__EXTRACTED DATA__.
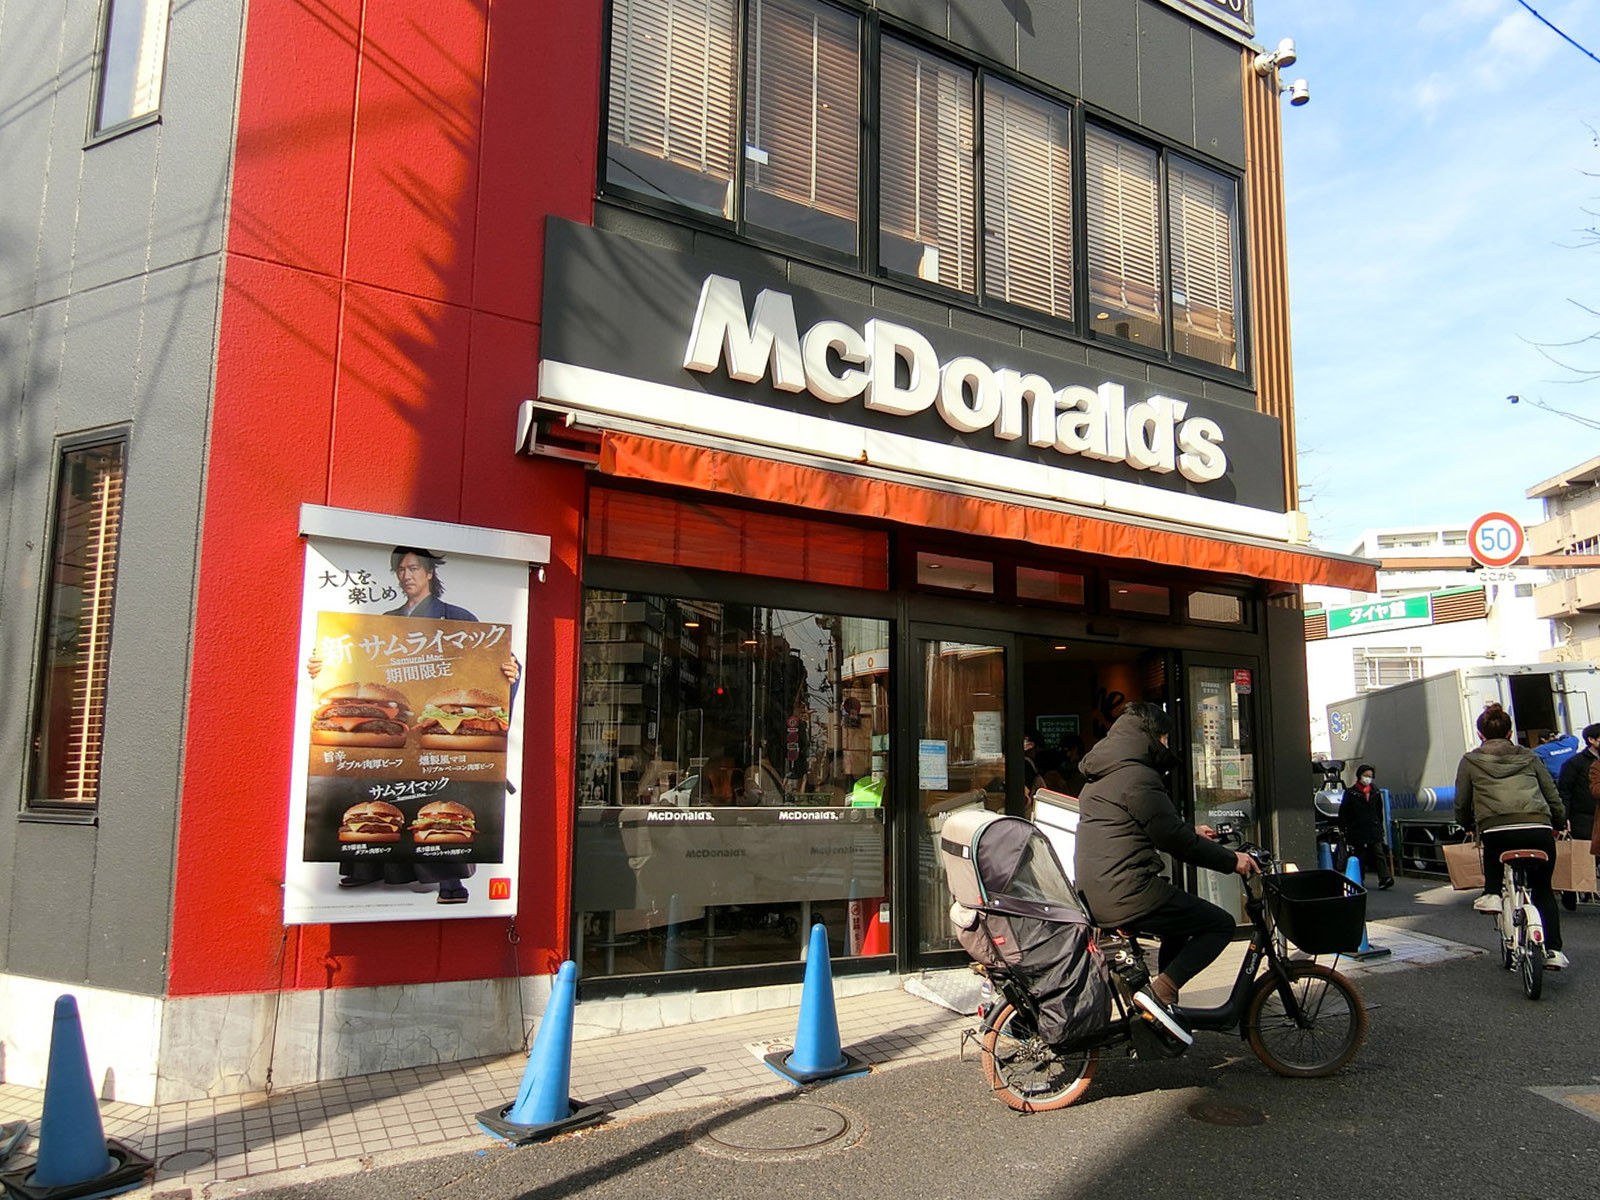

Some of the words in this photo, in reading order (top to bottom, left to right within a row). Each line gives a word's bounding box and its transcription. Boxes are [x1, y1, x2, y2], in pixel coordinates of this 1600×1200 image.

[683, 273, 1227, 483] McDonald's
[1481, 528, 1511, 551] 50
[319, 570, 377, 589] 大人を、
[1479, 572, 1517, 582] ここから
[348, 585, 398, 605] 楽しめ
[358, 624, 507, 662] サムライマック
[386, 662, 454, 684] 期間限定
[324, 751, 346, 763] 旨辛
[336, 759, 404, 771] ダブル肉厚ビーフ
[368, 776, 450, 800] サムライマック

__WHAT YOU SHOULD DO__. Without the pictures, reproduce every line of the records above exactly.

__REPLY__.
Some of the words in this photo, in reading order (top to bottom, left to right within a row). Each line gives a word's bounding box and its transcription. Boxes are [x1, y1, x2, y2], in pixel coordinates of this 1600×1200 image.

[683, 273, 1227, 483] McDonald's
[1481, 528, 1511, 551] 50
[319, 570, 377, 589] 大人を、
[1479, 572, 1517, 582] ここから
[348, 585, 398, 605] 楽しめ
[358, 624, 507, 662] サムライマック
[386, 662, 454, 684] 期間限定
[324, 751, 346, 763] 旨辛
[336, 759, 404, 771] ダブル肉厚ビーフ
[368, 776, 450, 800] サムライマック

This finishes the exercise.